Tanto na Alemanha como na Itália, os trabalhadores eram convidados a ver em seus compatriotas capitalistas não os beneficiários de um sistema social baseado na exploração interna, mas sim colegas proletarizados (ou em vias de proletarização), vítimas de um sistema de exploração internacional. (KONDER, 1977, p. 12 - grifos originais do autor)
Desse modo, produzia-se um falso sentimento de “igualdade”, mesmo que os proletários fossem os mais prejudicados com o sistema de governo, pois ele não dava a liberdade de expressão e não reconhecia a sociedade como composta por classes sociais com interesses divergentes. A manipulação das massas era, portanto essencial para que o sistema se mantivesse ativo e atingisse seu objetivo de recuperação financeira interna do capitalismo.

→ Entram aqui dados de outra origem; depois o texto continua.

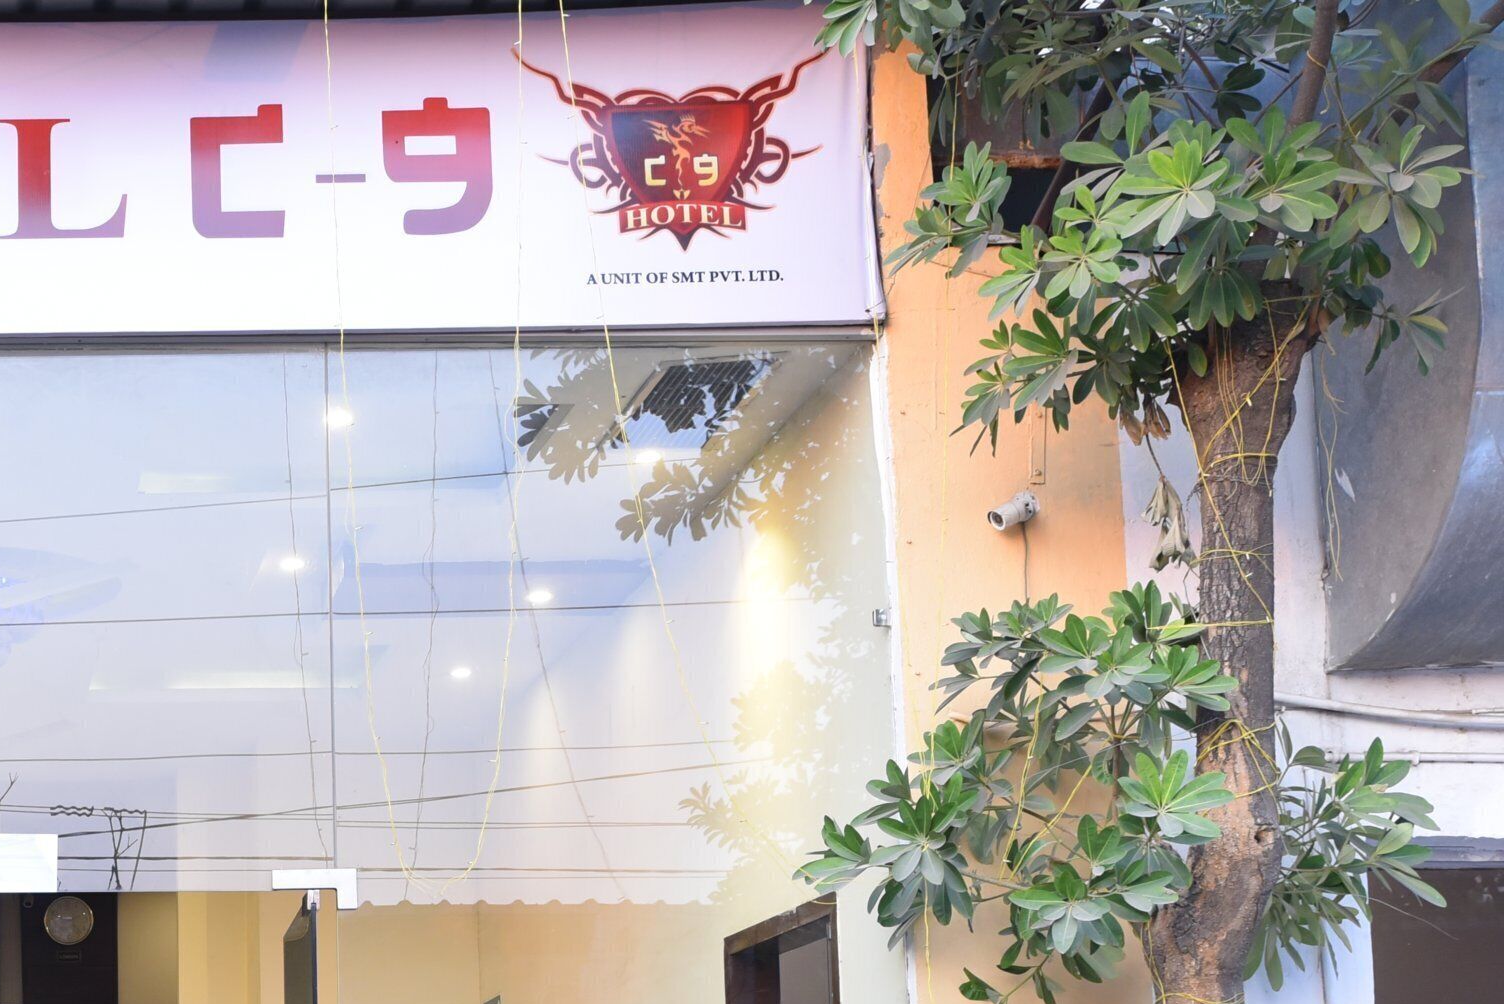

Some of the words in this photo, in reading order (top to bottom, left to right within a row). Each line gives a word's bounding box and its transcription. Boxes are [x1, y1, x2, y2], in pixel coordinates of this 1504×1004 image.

[189, 96, 494, 240] C-9
[625, 203, 743, 231] HOTEL
[587, 273, 597, 285] A
[601, 272, 642, 285] UNIT
[646, 271, 668, 284] OF
[671, 271, 706, 284] SMT
[709, 270, 745, 283] PVT.
[748, 269, 784, 282] LTD.

Por este motivo Hitler fez com que uma série de rádios idênticos fosse produzida, o cidadão operário poderia ter seu próprio rádio em casa para ouvir as notícias e os pronunciamentos de seu führer. É importante evidenciar que a manipulação das massas não se dava através apenas da disseminação de ideologias, o sistema fascista também fazia uma forte utilização do autoritarismo e da repressão. Para os fascistas, essa era forma pela qual a Alemanha e a Itália poderiam exercer o papel de grandes potências.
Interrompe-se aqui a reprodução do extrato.